Top of DATA FOR PROCESSING

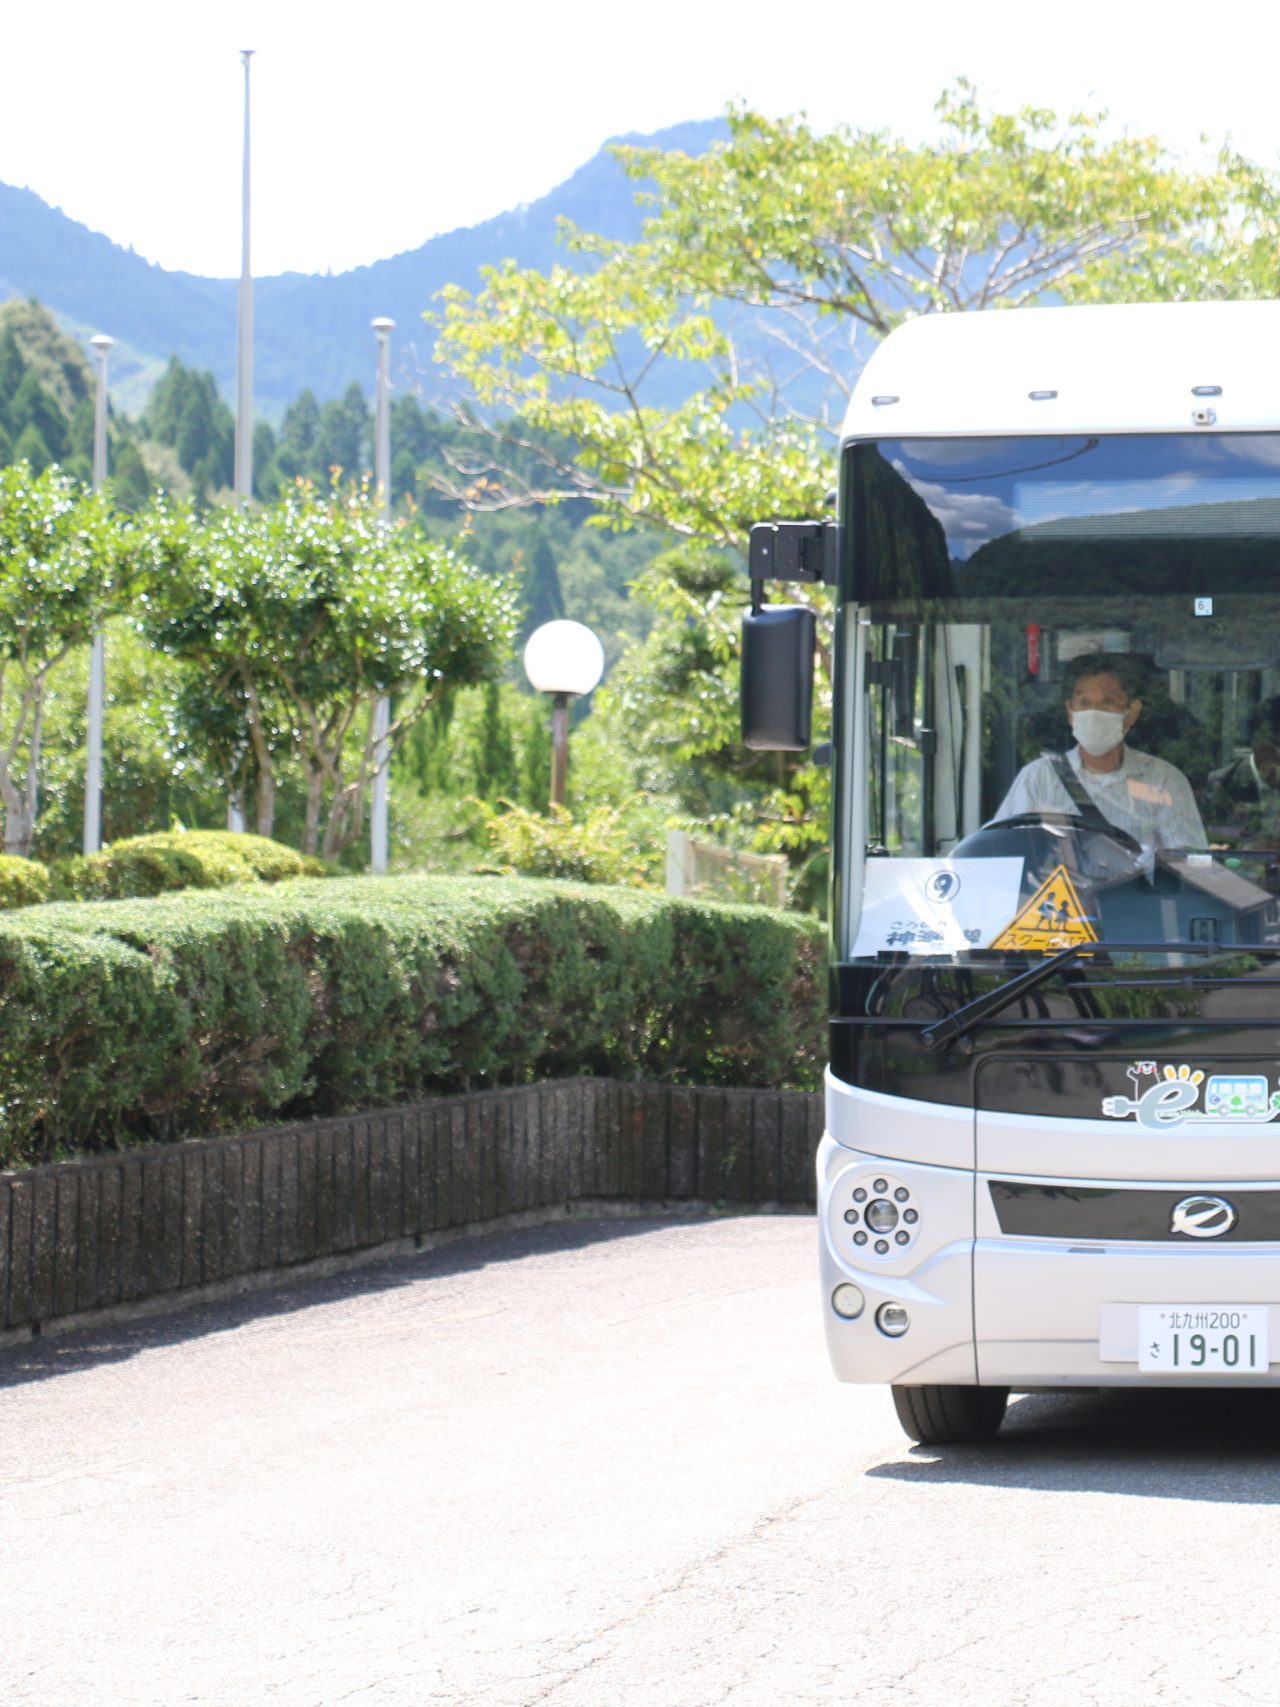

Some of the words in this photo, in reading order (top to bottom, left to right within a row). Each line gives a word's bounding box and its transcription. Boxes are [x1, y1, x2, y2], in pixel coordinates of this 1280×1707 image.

[934, 873, 953, 898] 9
[1150, 1341, 1160, 1359] さ
[1173, 1334, 1256, 1367] 19-01
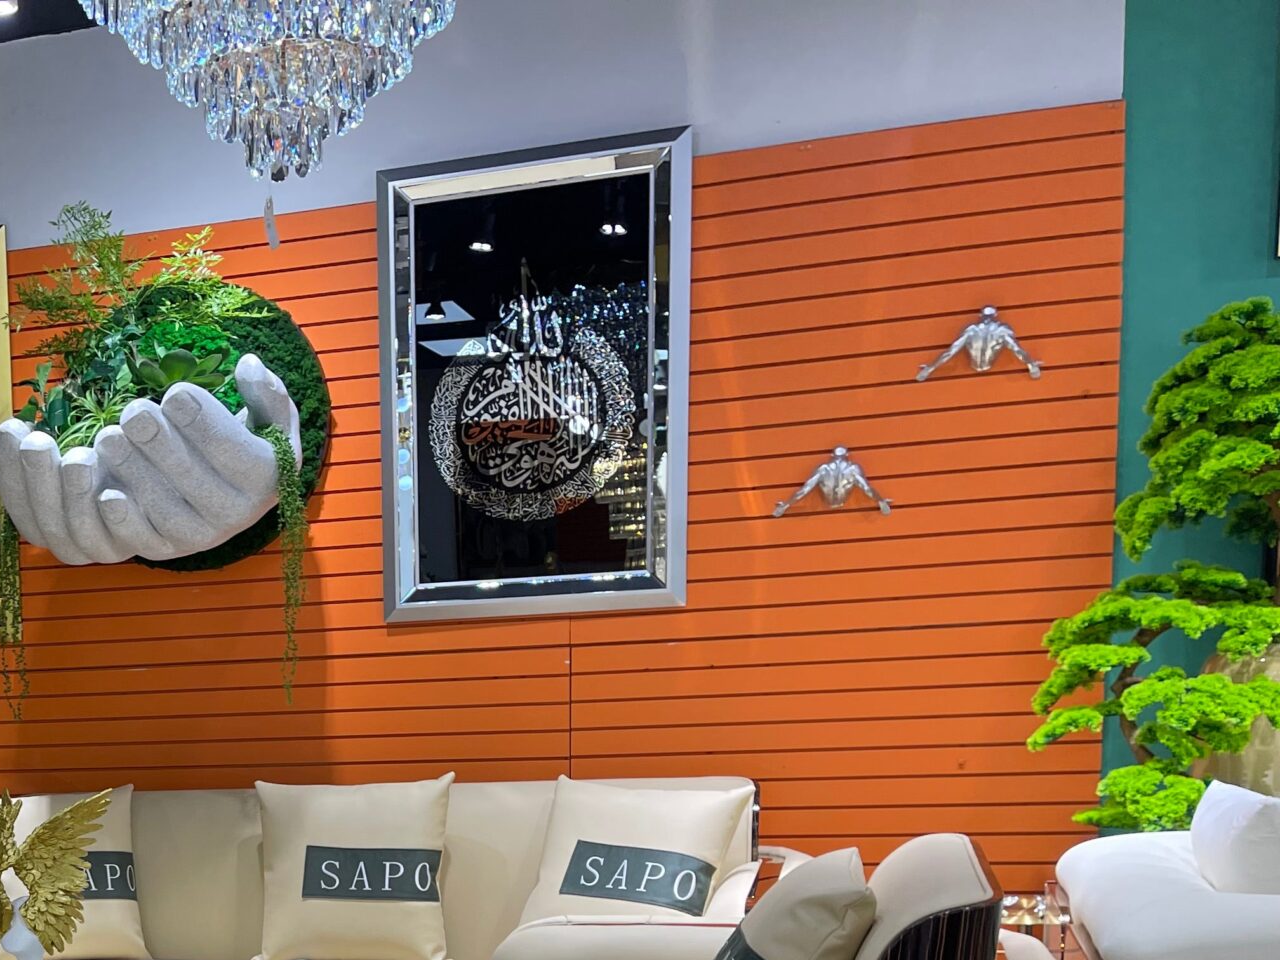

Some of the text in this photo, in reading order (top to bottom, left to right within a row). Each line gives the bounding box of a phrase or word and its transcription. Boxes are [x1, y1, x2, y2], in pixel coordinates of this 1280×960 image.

[79, 864, 136, 892] APO
[320, 860, 432, 892] SAPO
[580, 856, 697, 901] SAPO
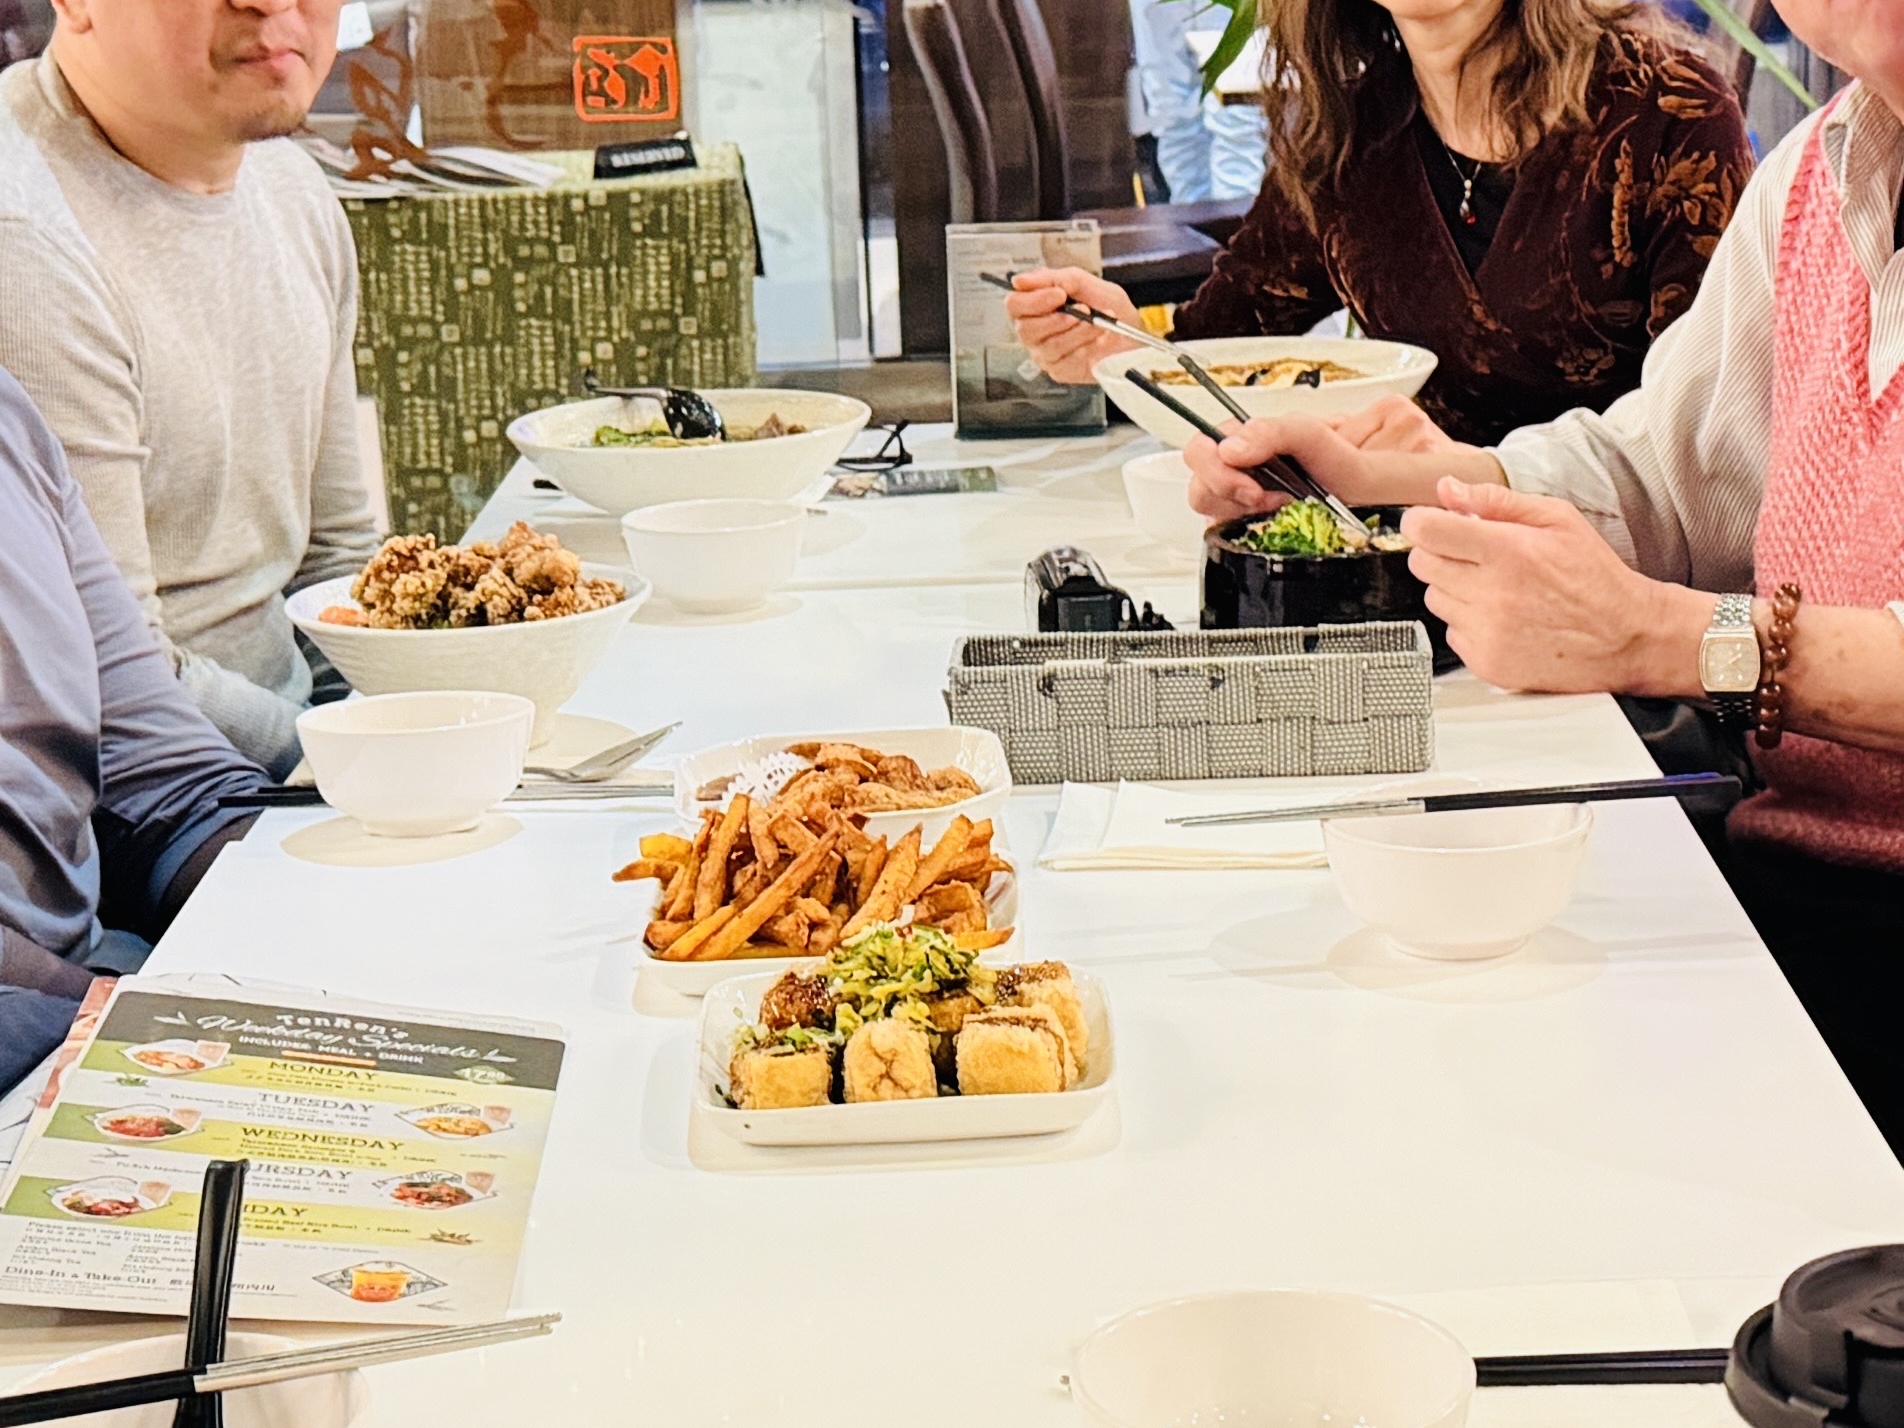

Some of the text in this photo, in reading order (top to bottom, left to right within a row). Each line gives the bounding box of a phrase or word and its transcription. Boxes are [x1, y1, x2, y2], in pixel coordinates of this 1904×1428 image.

[269, 1061, 379, 1081] MONDAY
[257, 1093, 375, 1113] TUESDAY
[239, 1127, 404, 1151] WEDNESDAY
[241, 1203, 308, 1217] IDAY

Bottom of DATA FOR PROCESSING

**PROBLEM STATEMENT**
I'd like every record transcribed exactly, with no pictures carried over.

**ANSWER TO THE EXERCISE**
Some of the words in this photo, in reading order (top to bottom, left to right within a row). Each line gives a word's bounding box and its transcription. Boxes are [x1, y1, x2, y2], in pixel coordinates of this 1280×1707 image.

[934, 873, 953, 898] 9
[1150, 1341, 1160, 1359] さ
[1173, 1334, 1256, 1367] 19-01

Some of the text in this photo, in reading order (top to bottom, left to right within a row). Each line gives the bounding box of a phrase or word and its transcription. Boxes are [x1, y1, x2, y2], in pixel coordinates of this 1280×960 image.

[79, 864, 136, 892] APO
[320, 860, 432, 892] SAPO
[580, 856, 697, 901] SAPO

Some of the text in this photo, in reading order (top to bottom, left to right within a row). Each line gives the bounding box of a phrase or word and its transcription. Boxes are [x1, y1, x2, y2], in pixel coordinates of this 1904×1428 image.

[269, 1061, 379, 1081] MONDAY
[257, 1093, 375, 1113] TUESDAY
[239, 1127, 404, 1151] WEDNESDAY
[241, 1203, 308, 1217] IDAY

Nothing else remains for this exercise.